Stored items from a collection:
>>>

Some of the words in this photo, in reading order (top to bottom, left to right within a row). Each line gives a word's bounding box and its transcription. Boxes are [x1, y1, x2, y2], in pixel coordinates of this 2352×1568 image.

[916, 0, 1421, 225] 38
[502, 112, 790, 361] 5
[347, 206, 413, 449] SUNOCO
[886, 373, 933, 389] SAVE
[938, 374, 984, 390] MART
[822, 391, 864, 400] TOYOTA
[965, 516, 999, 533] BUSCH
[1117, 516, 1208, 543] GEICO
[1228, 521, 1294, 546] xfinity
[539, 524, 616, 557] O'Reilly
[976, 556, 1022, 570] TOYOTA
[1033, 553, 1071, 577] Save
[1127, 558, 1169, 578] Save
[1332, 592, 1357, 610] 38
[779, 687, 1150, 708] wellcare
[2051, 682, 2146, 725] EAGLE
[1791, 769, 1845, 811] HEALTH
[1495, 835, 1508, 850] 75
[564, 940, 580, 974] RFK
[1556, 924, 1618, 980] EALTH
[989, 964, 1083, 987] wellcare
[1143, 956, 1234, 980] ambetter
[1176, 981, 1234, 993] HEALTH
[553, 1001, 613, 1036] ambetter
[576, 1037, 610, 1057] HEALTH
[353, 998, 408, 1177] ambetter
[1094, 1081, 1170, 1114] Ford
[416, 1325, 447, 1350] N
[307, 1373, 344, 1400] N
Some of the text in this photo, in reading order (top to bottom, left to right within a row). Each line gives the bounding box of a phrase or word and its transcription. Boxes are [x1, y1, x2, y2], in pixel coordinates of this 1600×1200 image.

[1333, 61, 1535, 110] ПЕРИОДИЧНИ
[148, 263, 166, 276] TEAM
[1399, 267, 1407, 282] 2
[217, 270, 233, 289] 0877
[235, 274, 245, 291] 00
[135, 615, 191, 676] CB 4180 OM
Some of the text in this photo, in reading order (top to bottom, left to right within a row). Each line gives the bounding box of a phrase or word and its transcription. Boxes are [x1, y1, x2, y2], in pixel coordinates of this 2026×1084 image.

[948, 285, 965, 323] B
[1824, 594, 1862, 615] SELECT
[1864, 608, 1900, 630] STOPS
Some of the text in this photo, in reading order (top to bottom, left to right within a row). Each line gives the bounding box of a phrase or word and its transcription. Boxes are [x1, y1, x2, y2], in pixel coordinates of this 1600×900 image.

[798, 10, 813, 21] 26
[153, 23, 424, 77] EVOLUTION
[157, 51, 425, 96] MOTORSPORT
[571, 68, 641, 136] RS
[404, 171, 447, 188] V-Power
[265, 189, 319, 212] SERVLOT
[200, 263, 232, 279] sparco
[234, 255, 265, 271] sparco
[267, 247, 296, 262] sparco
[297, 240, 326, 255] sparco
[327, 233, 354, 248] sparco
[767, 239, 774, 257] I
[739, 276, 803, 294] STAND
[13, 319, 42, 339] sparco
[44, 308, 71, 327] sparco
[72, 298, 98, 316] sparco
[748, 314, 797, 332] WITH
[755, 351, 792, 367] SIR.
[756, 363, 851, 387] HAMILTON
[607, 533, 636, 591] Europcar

<<<

PROBLEM TO SOLVE: Repeat all of the data shown above, exactly as it appears.

ANSWER SPACE:
Some of the words in this photo, in reading order (top to bottom, left to right within a row). Each line gives a word's bounding box and its transcription. Boxes are [x1, y1, x2, y2], in pixel coordinates of this 2352×1568 image.

[916, 0, 1421, 225] 38
[502, 112, 790, 361] 5
[347, 206, 413, 449] SUNOCO
[886, 373, 933, 389] SAVE
[938, 374, 984, 390] MART
[822, 391, 864, 400] TOYOTA
[965, 516, 999, 533] BUSCH
[1117, 516, 1208, 543] GEICO
[1228, 521, 1294, 546] xfinity
[539, 524, 616, 557] O'Reilly
[976, 556, 1022, 570] TOYOTA
[1033, 553, 1071, 577] Save
[1127, 558, 1169, 578] Save
[1332, 592, 1357, 610] 38
[779, 687, 1150, 708] wellcare
[2051, 682, 2146, 725] EAGLE
[1791, 769, 1845, 811] HEALTH
[1495, 835, 1508, 850] 75
[564, 940, 580, 974] RFK
[1556, 924, 1618, 980] EALTH
[989, 964, 1083, 987] wellcare
[1143, 956, 1234, 980] ambetter
[1176, 981, 1234, 993] HEALTH
[553, 1001, 613, 1036] ambetter
[576, 1037, 610, 1057] HEALTH
[353, 998, 408, 1177] ambetter
[1094, 1081, 1170, 1114] Ford
[416, 1325, 447, 1350] N
[307, 1373, 344, 1400] N
Some of the text in this photo, in reading order (top to bottom, left to right within a row). Each line gives the bounding box of a phrase or word and its transcription. Boxes are [x1, y1, x2, y2], in pixel coordinates of this 1600×1200 image.

[1333, 61, 1535, 110] ПЕРИОДИЧНИ
[148, 263, 166, 276] TEAM
[1399, 267, 1407, 282] 2
[217, 270, 233, 289] 0877
[235, 274, 245, 291] 00
[135, 615, 191, 676] CB 4180 OM
Some of the text in this photo, in reading order (top to bottom, left to right within a row). Each line gives the bounding box of a phrase or word and its transcription. Boxes are [x1, y1, x2, y2], in pixel coordinates of this 2026×1084 image.

[948, 285, 965, 323] B
[1824, 594, 1862, 615] SELECT
[1864, 608, 1900, 630] STOPS
Some of the text in this photo, in reading order (top to bottom, left to right within a row). Each line gives the bounding box of a phrase or word and its transcription. Boxes are [x1, y1, x2, y2], in pixel coordinates of this 1600×900 image.

[798, 10, 813, 21] 26
[153, 23, 424, 77] EVOLUTION
[157, 51, 425, 96] MOTORSPORT
[571, 68, 641, 136] RS
[404, 171, 447, 188] V-Power
[265, 189, 319, 212] SERVLOT
[200, 263, 232, 279] sparco
[234, 255, 265, 271] sparco
[267, 247, 296, 262] sparco
[297, 240, 326, 255] sparco
[327, 233, 354, 248] sparco
[767, 239, 774, 257] I
[739, 276, 803, 294] STAND
[13, 319, 42, 339] sparco
[44, 308, 71, 327] sparco
[72, 298, 98, 316] sparco
[748, 314, 797, 332] WITH
[755, 351, 792, 367] SIR.
[756, 363, 851, 387] HAMILTON
[607, 533, 636, 591] Europcar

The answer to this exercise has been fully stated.